__Instructions for the task__. Please set down the data word for word; images do not go in the copy.

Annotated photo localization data
----------------------------------------

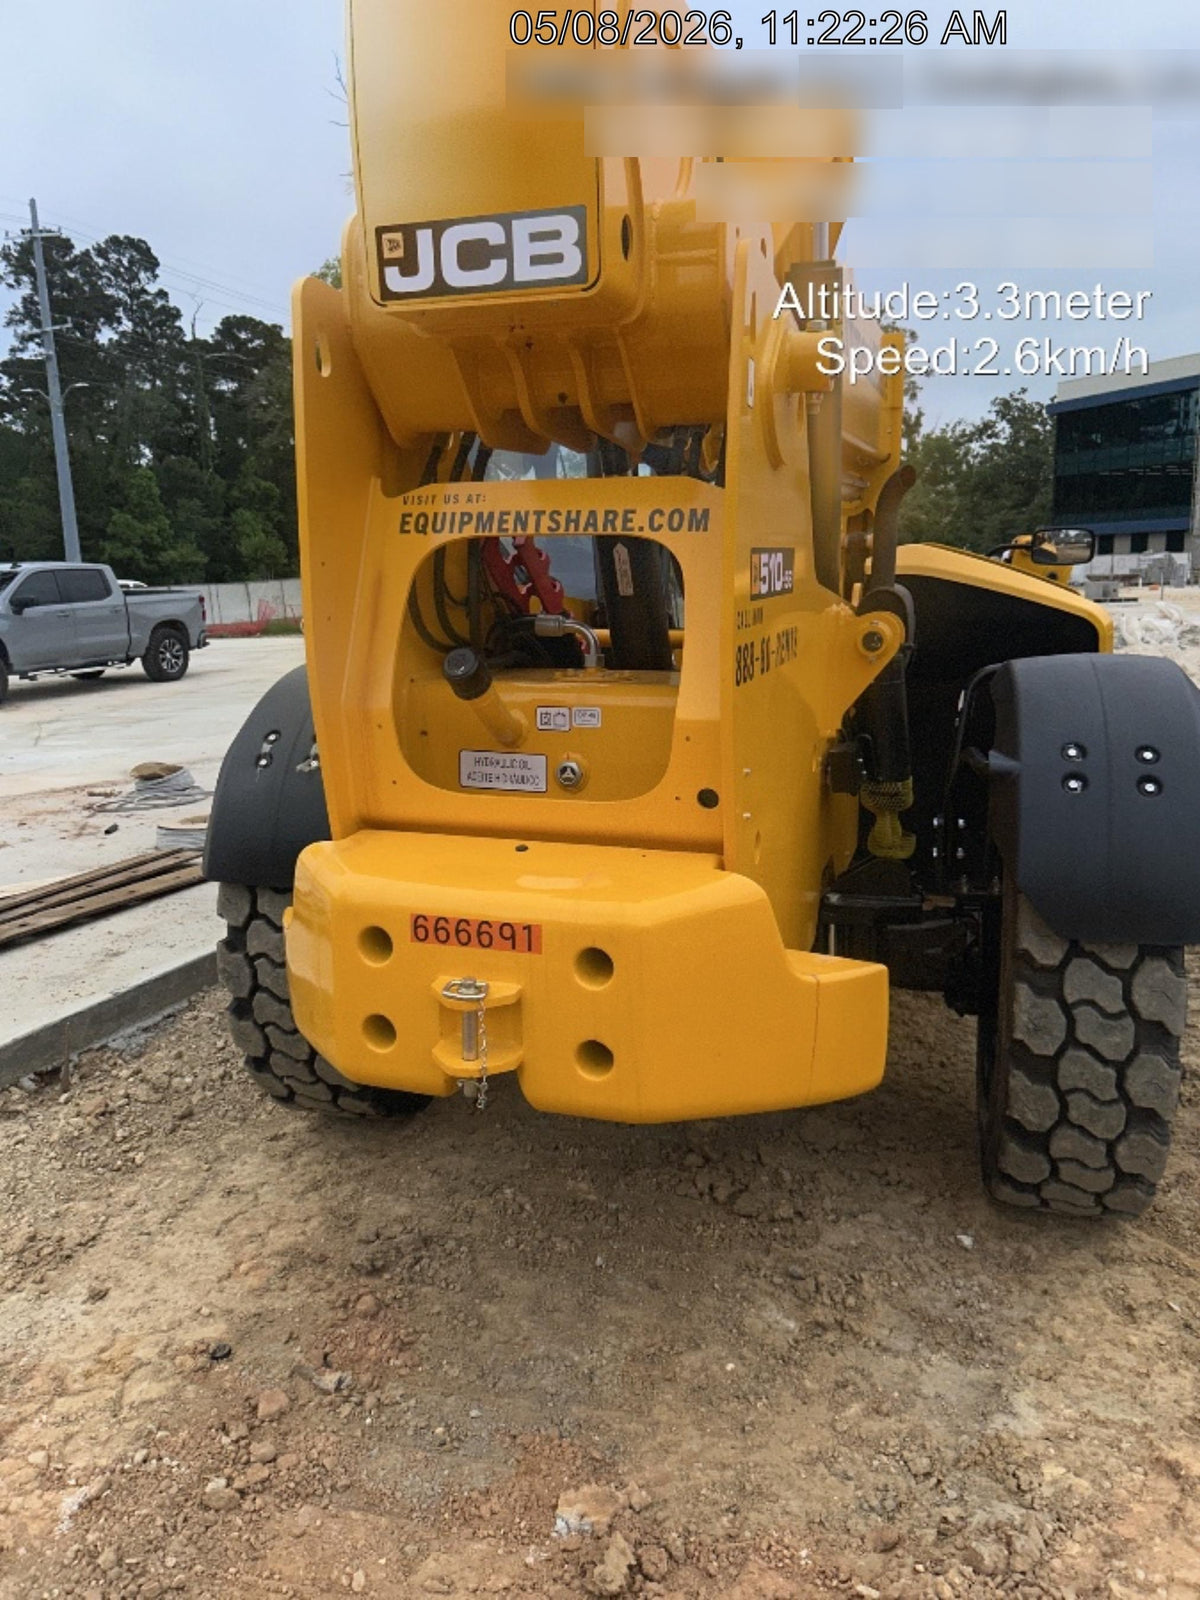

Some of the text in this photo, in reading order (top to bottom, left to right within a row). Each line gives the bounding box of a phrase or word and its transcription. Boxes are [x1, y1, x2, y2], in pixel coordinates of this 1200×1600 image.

[383, 214, 582, 293] JCB
[402, 493, 486, 505] VISIT US AT:
[399, 507, 711, 536] EQUIPMENTSHARE.COM
[412, 914, 533, 953] 666691
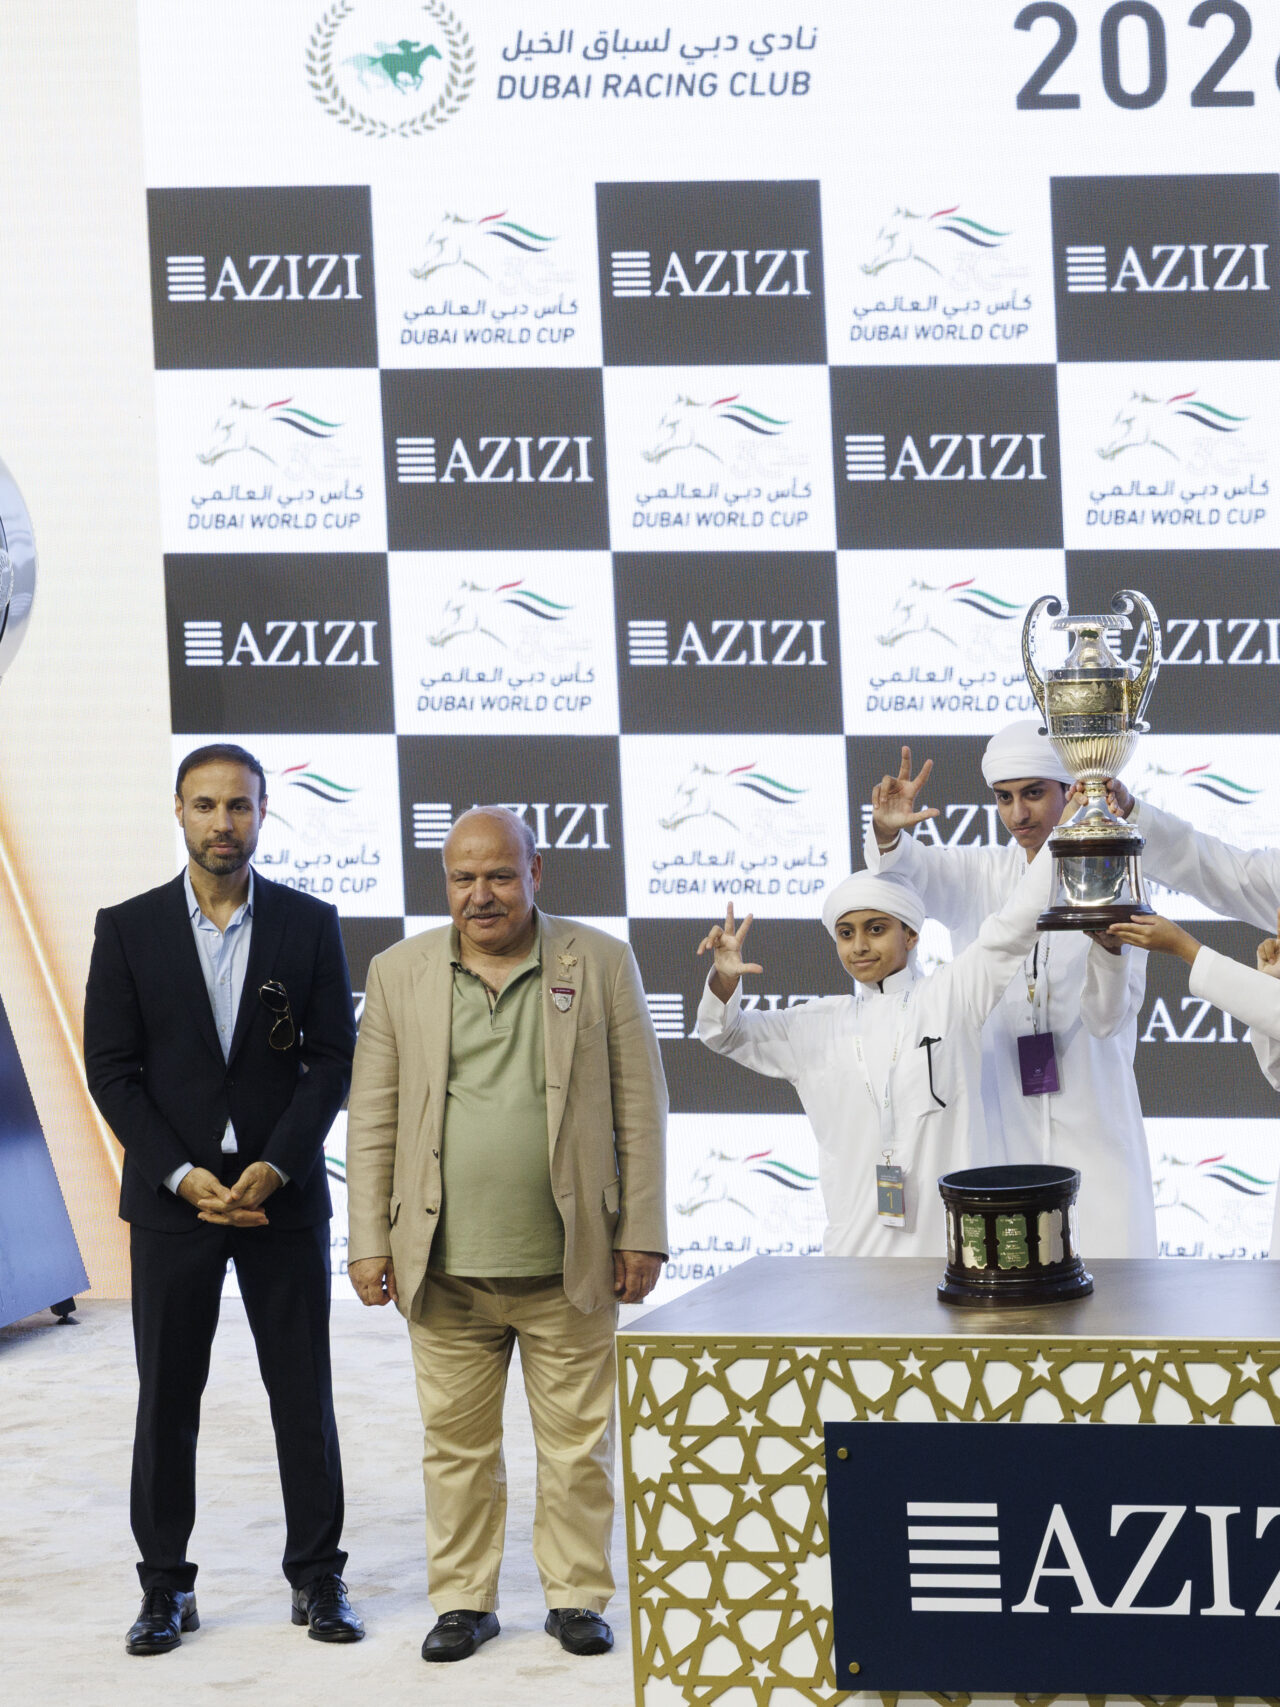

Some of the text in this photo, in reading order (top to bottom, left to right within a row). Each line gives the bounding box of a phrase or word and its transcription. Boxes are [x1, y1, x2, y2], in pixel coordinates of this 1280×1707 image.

[502, 25, 818, 65] نادي دبي لسباق الخيل
[497, 71, 813, 100] DUBAI RACING CLUB
[207, 253, 361, 300] AZIZI
[655, 249, 811, 296] AZIZI
[1111, 244, 1270, 292] AZIZI
[402, 293, 578, 324] كأس دبي العالمي
[853, 289, 1032, 320] كأس دبي العالمي
[399, 327, 575, 345] DUBAI WORLD CUP
[850, 323, 1029, 342] DUBAI WORLD CUP
[439, 437, 594, 483] AZIZI
[890, 434, 1047, 481] AZIZI
[189, 479, 363, 509] كأس دبي العالمي
[635, 477, 812, 507] كأس دبي العالمي
[1089, 474, 1270, 505] كأس دبي العالمي
[186, 512, 360, 530] DUBAI WORLD CUP
[632, 511, 809, 529] DUBAI WORLD CUP
[1086, 508, 1266, 526] DUBAI WORLD CUP
[225, 622, 379, 666] AZIZI
[672, 621, 827, 666] AZIZI
[420, 662, 595, 692] كأس دبي العالمي
[869, 667, 954, 691] العالمي
[958, 672, 997, 691] دبي
[417, 695, 592, 712] DUBAI WORLD CUP
[866, 695, 925, 712] DUBAI
[930, 695, 999, 712] WORLD
[911, 804, 1002, 848] AZI
[293, 854, 331, 873] دبي
[335, 844, 380, 870] كأس
[652, 846, 828, 875] كأس دبي العالمي
[339, 877, 377, 894] CUP
[648, 878, 825, 896] DUBAI WORLD CUP
[1139, 997, 1250, 1043] AZI
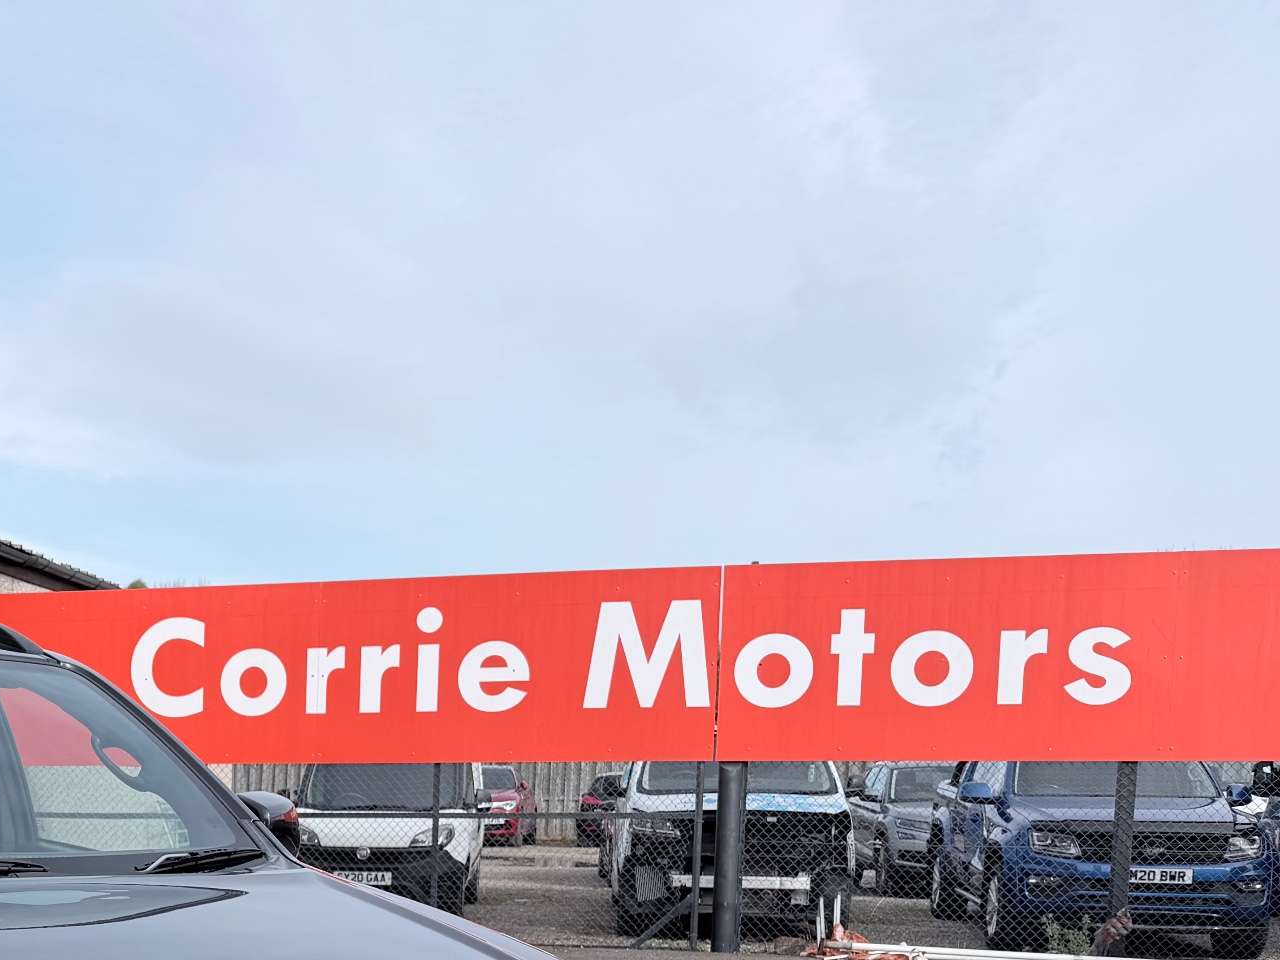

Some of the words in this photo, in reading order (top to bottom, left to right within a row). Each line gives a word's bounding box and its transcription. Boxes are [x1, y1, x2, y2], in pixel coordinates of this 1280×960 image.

[130, 606, 531, 718] Corrie
[583, 599, 1132, 709] Motors
[1129, 869, 1156, 881] M20
[1160, 870, 1187, 882] BWR

----------------------------------------

__Reply__.
Some of the text in this photo, in reading order (top to bottom, left to right within a row). Each line gives the bounding box of a phrase or word and its transcription. Boxes are [x1, y1, x2, y2], in pixel coordinates of this 1200×1600 image.

[383, 214, 582, 293] JCB
[402, 493, 486, 505] VISIT US AT:
[399, 507, 711, 536] EQUIPMENTSHARE.COM
[412, 914, 533, 953] 666691

Some of the text in this photo, in reading order (top to bottom, left to right within a row). Each line gives the bounding box of a phrase or word and its transcription. Boxes are [x1, y1, x2, y2], in pixel coordinates of this 1280×1707 image.

[502, 25, 818, 65] نادي دبي لسباق الخيل
[497, 71, 813, 100] DUBAI RACING CLUB
[207, 253, 361, 300] AZIZI
[655, 249, 811, 296] AZIZI
[1111, 244, 1270, 292] AZIZI
[402, 293, 578, 324] كأس دبي العالمي
[853, 289, 1032, 320] كأس دبي العالمي
[399, 327, 575, 345] DUBAI WORLD CUP
[850, 323, 1029, 342] DUBAI WORLD CUP
[439, 437, 594, 483] AZIZI
[890, 434, 1047, 481] AZIZI
[189, 479, 363, 509] كأس دبي العالمي
[635, 477, 812, 507] كأس دبي العالمي
[1089, 474, 1270, 505] كأس دبي العالمي
[186, 512, 360, 530] DUBAI WORLD CUP
[632, 511, 809, 529] DUBAI WORLD CUP
[1086, 508, 1266, 526] DUBAI WORLD CUP
[225, 622, 379, 666] AZIZI
[672, 621, 827, 666] AZIZI
[420, 662, 595, 692] كأس دبي العالمي
[869, 667, 954, 691] العالمي
[958, 672, 997, 691] دبي
[417, 695, 592, 712] DUBAI WORLD CUP
[866, 695, 925, 712] DUBAI
[930, 695, 999, 712] WORLD
[911, 804, 1002, 848] AZI
[293, 854, 331, 873] دبي
[335, 844, 380, 870] كأس
[652, 846, 828, 875] كأس دبي العالمي
[339, 877, 377, 894] CUP
[648, 878, 825, 896] DUBAI WORLD CUP
[1139, 997, 1250, 1043] AZI

Some of the words in this photo, in reading order (top to bottom, left to right within a row). Each line gives a word's bounding box and its transcription. Boxes are [x1, y1, x2, y2], in pixel coordinates of this 1280×960 image.

[130, 606, 531, 718] Corrie
[583, 599, 1132, 709] Motors
[1129, 869, 1156, 881] M20
[1160, 870, 1187, 882] BWR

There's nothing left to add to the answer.